## EXERCISE PROMPT
Reproduce the listing exactly, with no pictures in your copy.

--- INFORMATION SHOWN Enclosed Below ---

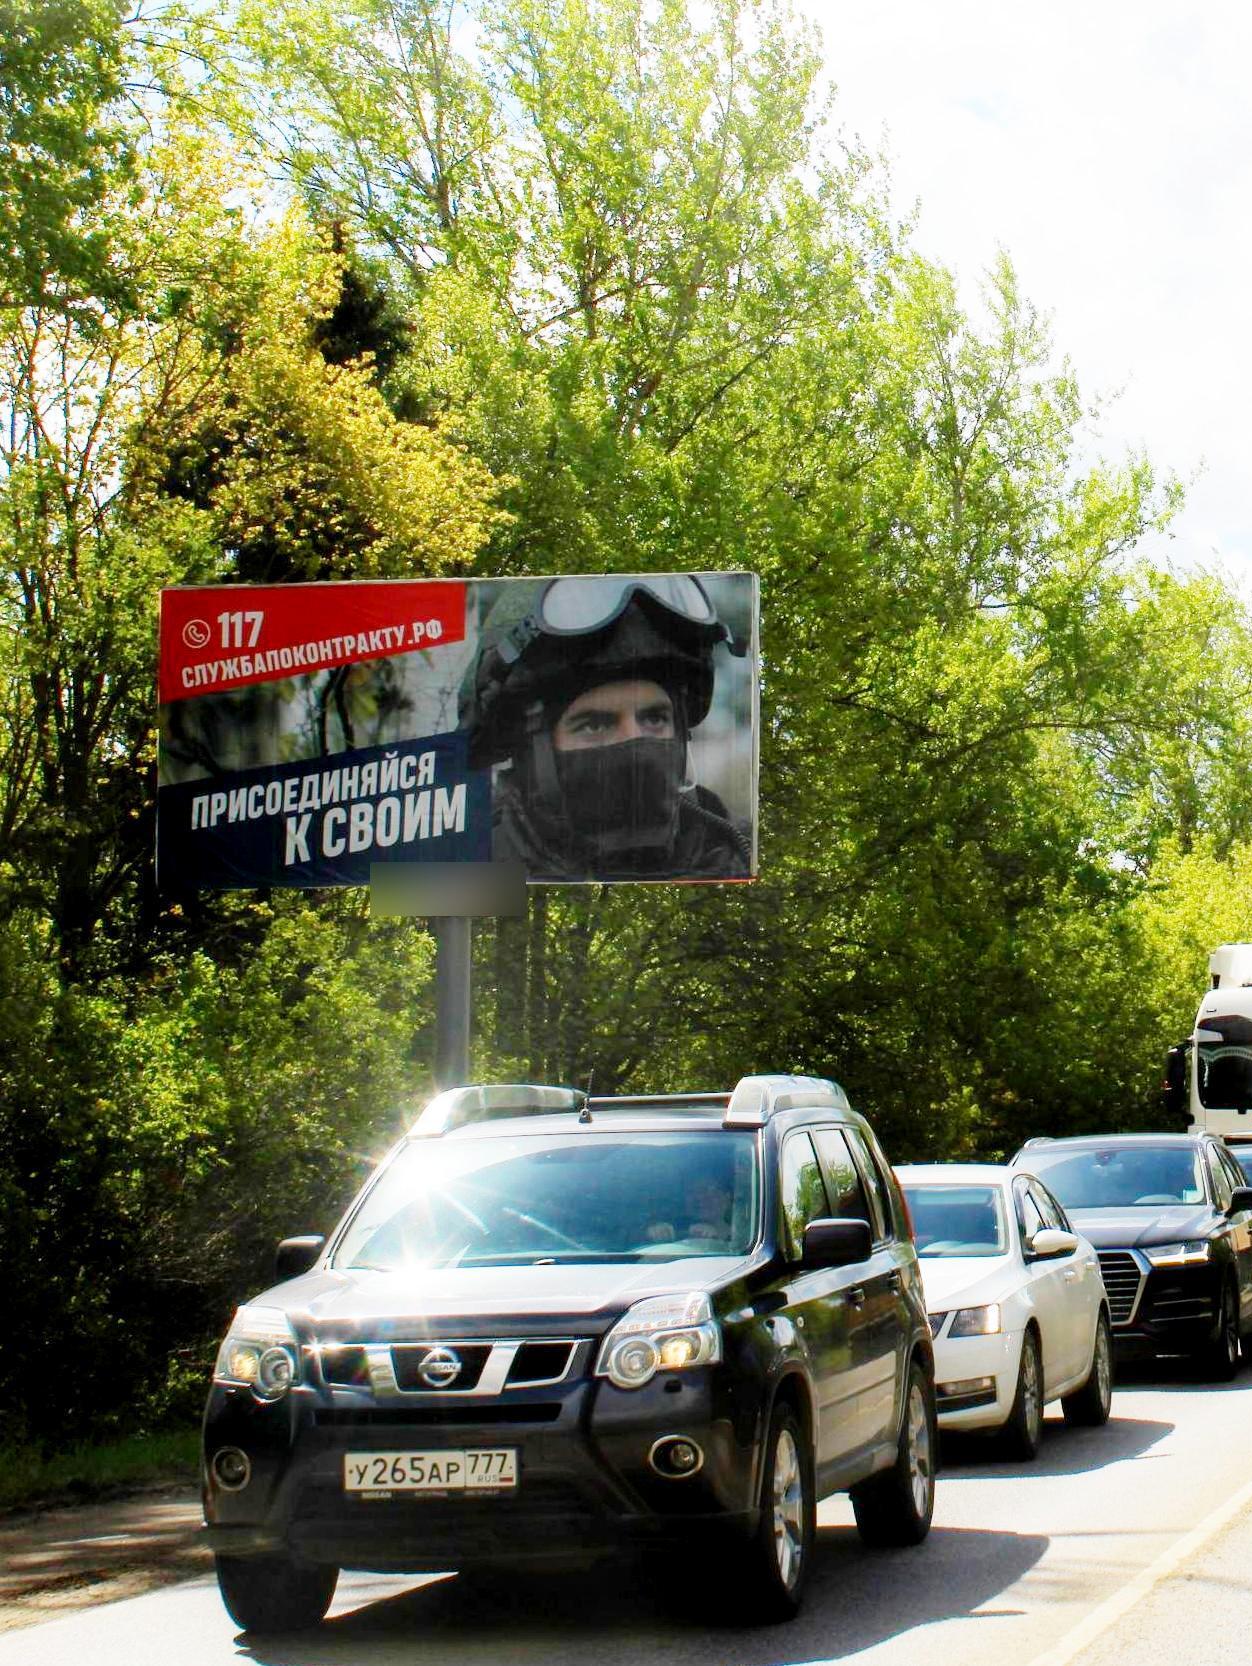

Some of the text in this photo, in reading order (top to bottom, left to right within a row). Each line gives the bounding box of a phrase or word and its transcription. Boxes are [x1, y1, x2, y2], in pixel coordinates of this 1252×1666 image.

[181, 618, 443, 688] СЛУЖБАПОКОНТРАКТУ.РФ
[217, 611, 264, 648] 117
[191, 750, 436, 830] ПРИСОЕДИНЯЙСЯ
[285, 783, 467, 866] К СВОИМ
[467, 1453, 508, 1474] 777

--- End of Enclosed INFORMATION SHOWN ---

## FINAL ANSWER
Some of the text in this photo, in reading order (top to bottom, left to right within a row). Each line gives the bounding box of a phrase or word and its transcription. Boxes are [x1, y1, x2, y2], in pixel coordinates of this 1252×1666 image.

[181, 618, 443, 688] СЛУЖБАПОКОНТРАКТУ.РФ
[217, 611, 264, 648] 117
[191, 750, 436, 830] ПРИСОЕДИНЯЙСЯ
[285, 783, 467, 866] К СВОИМ
[467, 1453, 508, 1474] 777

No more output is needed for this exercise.